『蝋塗れの手で』~元ガチ勢の俺が、ぬるま湯バトル部に入った結果、皆と「課題」に向き合うことになった話~ 作:rairaibou(風)
バスの窓から流れる景色を眺めながら、スズモトは少しだけ落ち着かない気分で座席に身を沈めていた。
いつもならライモン高校の最寄り駅から家までの道を歩くのが日常だった。舗装された歩道を、同じ制服の学生たちと連れ立って、見慣れた住宅街を通り抜けるだけの帰り道。けれど、今日は違う。

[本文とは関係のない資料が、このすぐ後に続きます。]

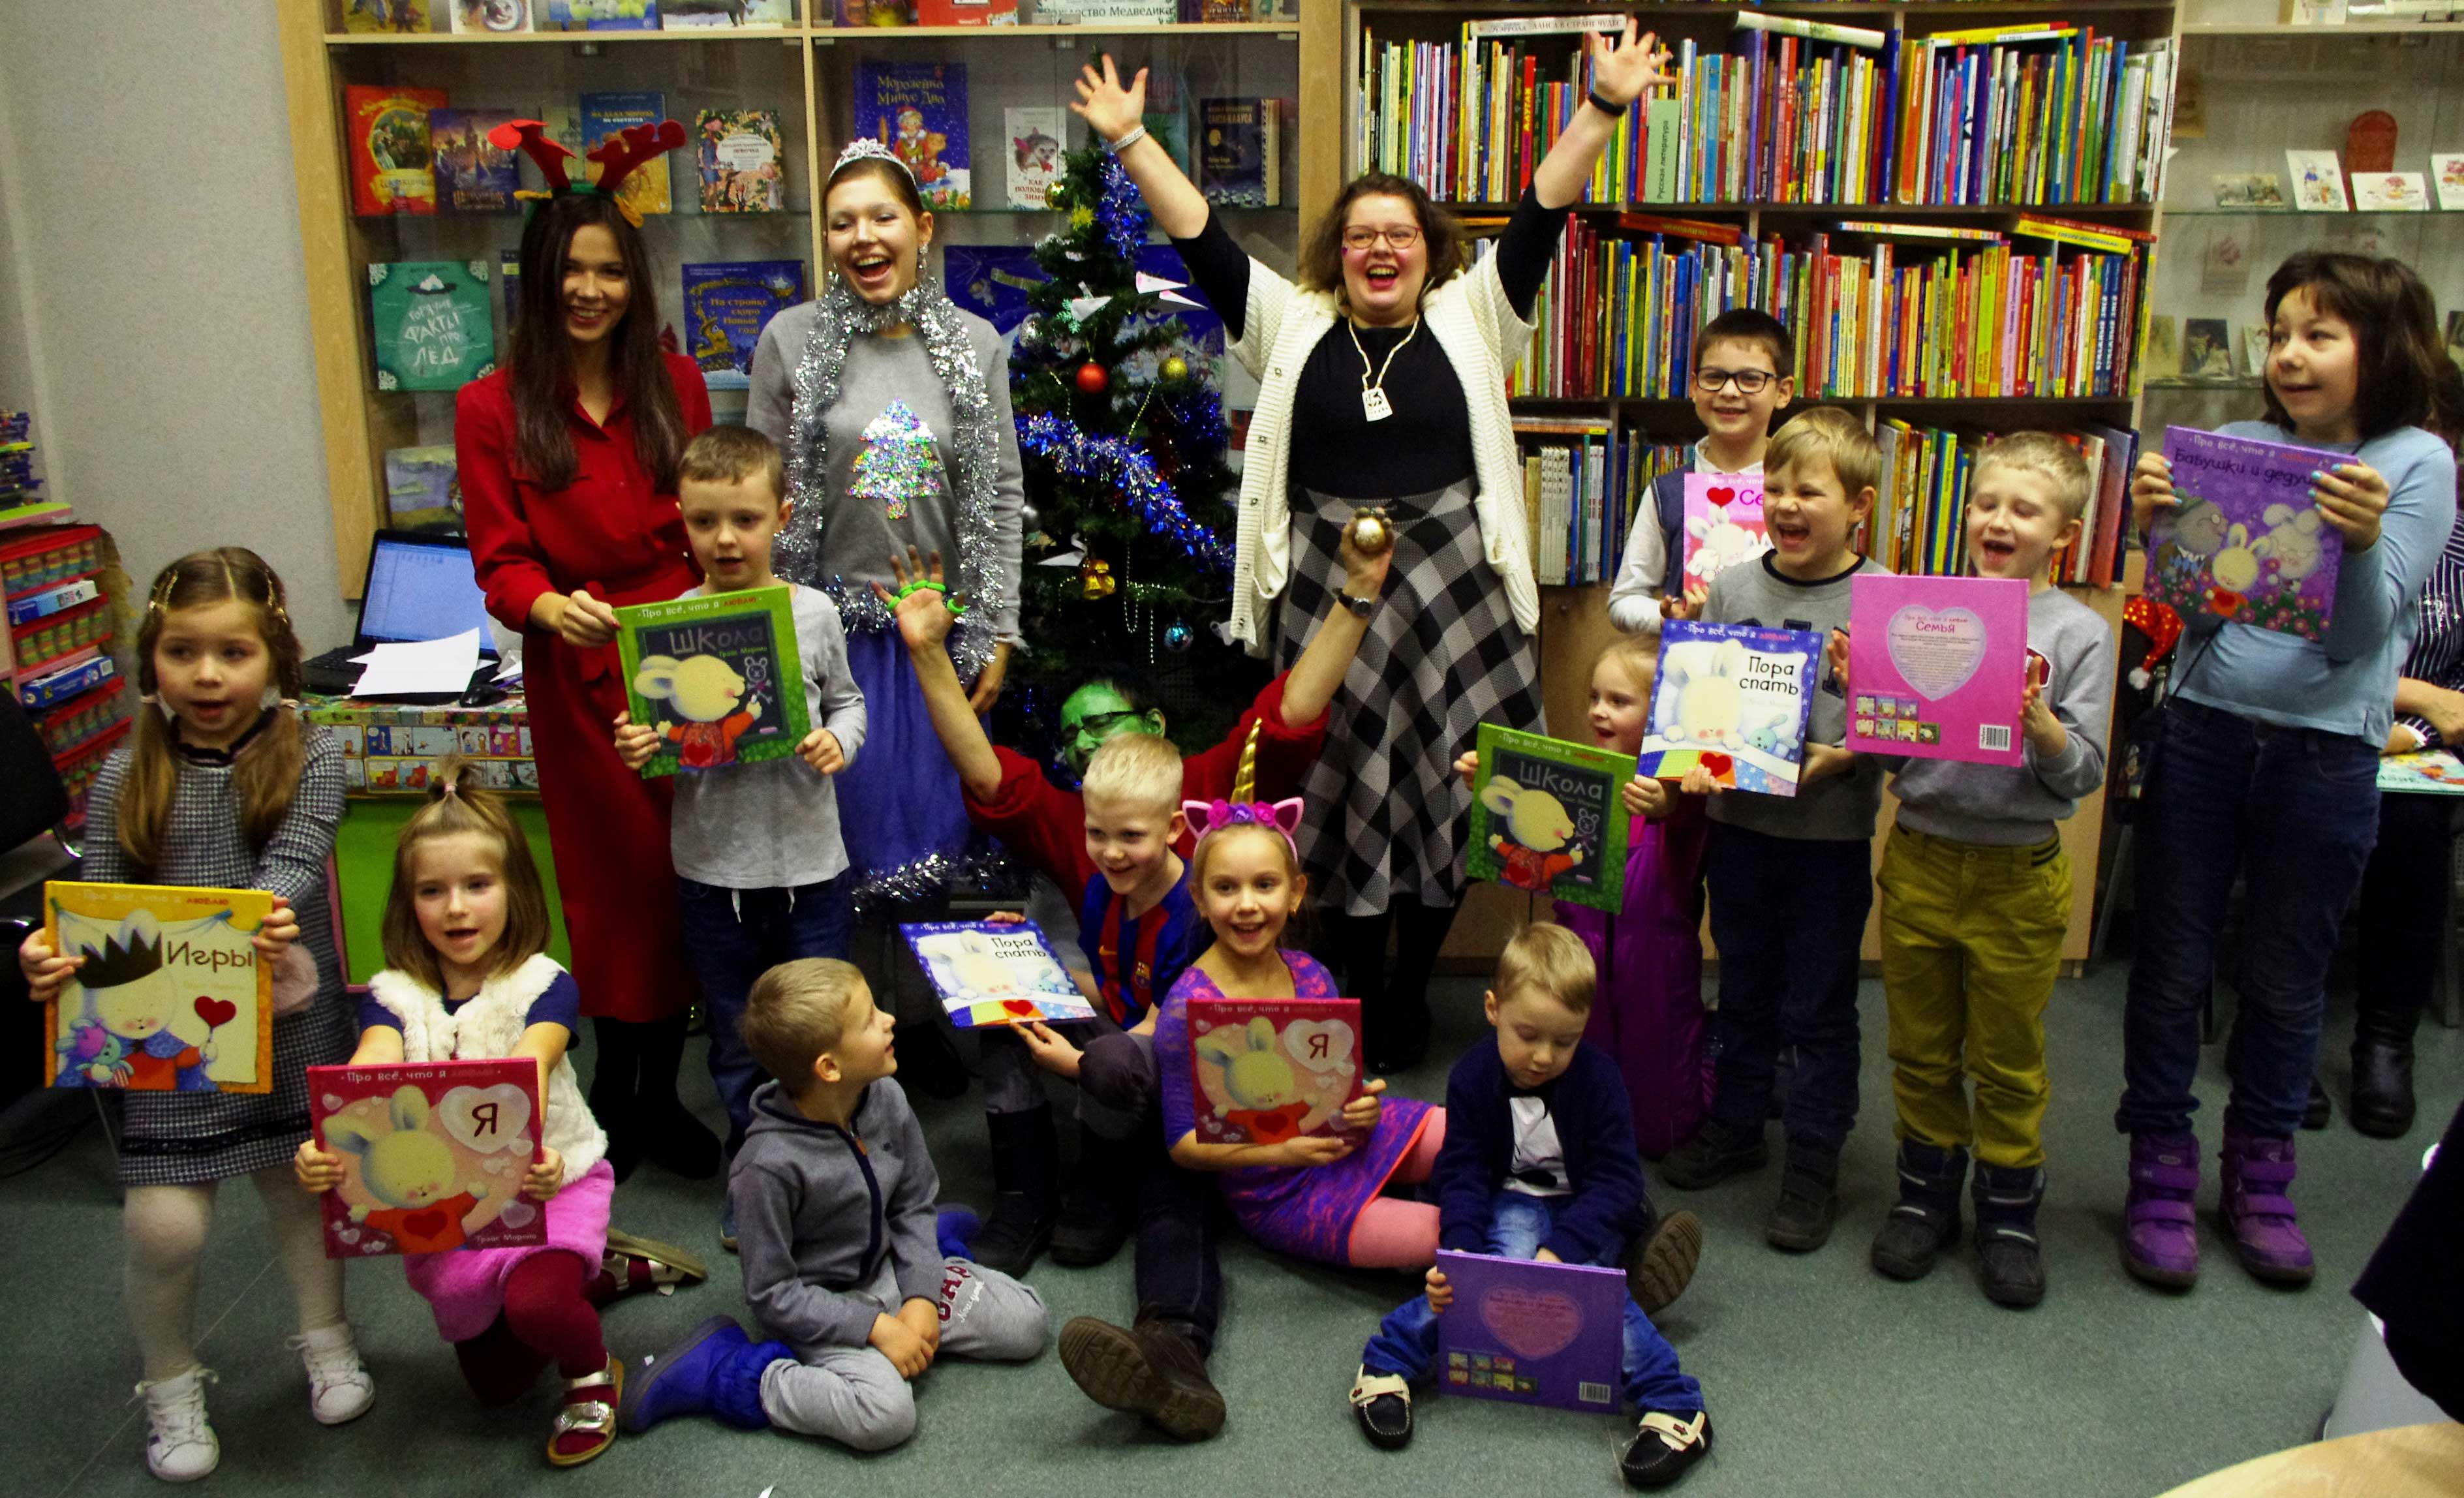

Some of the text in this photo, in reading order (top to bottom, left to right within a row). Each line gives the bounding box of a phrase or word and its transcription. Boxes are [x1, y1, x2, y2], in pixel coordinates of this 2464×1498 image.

バスは住宅街をゆっくりと外れ、徐々に斜面を登っていく。乗客もまばらになり、車内のざわめきも遠のいていった。
車窓の向こうには、整然とした家々が減り、代わりに広がるのは、少し野生味を帯びた風景だった。背の高い草が風に揺れ、木々の葉が車体の振動に合わせるようにざわざわと音を立てている。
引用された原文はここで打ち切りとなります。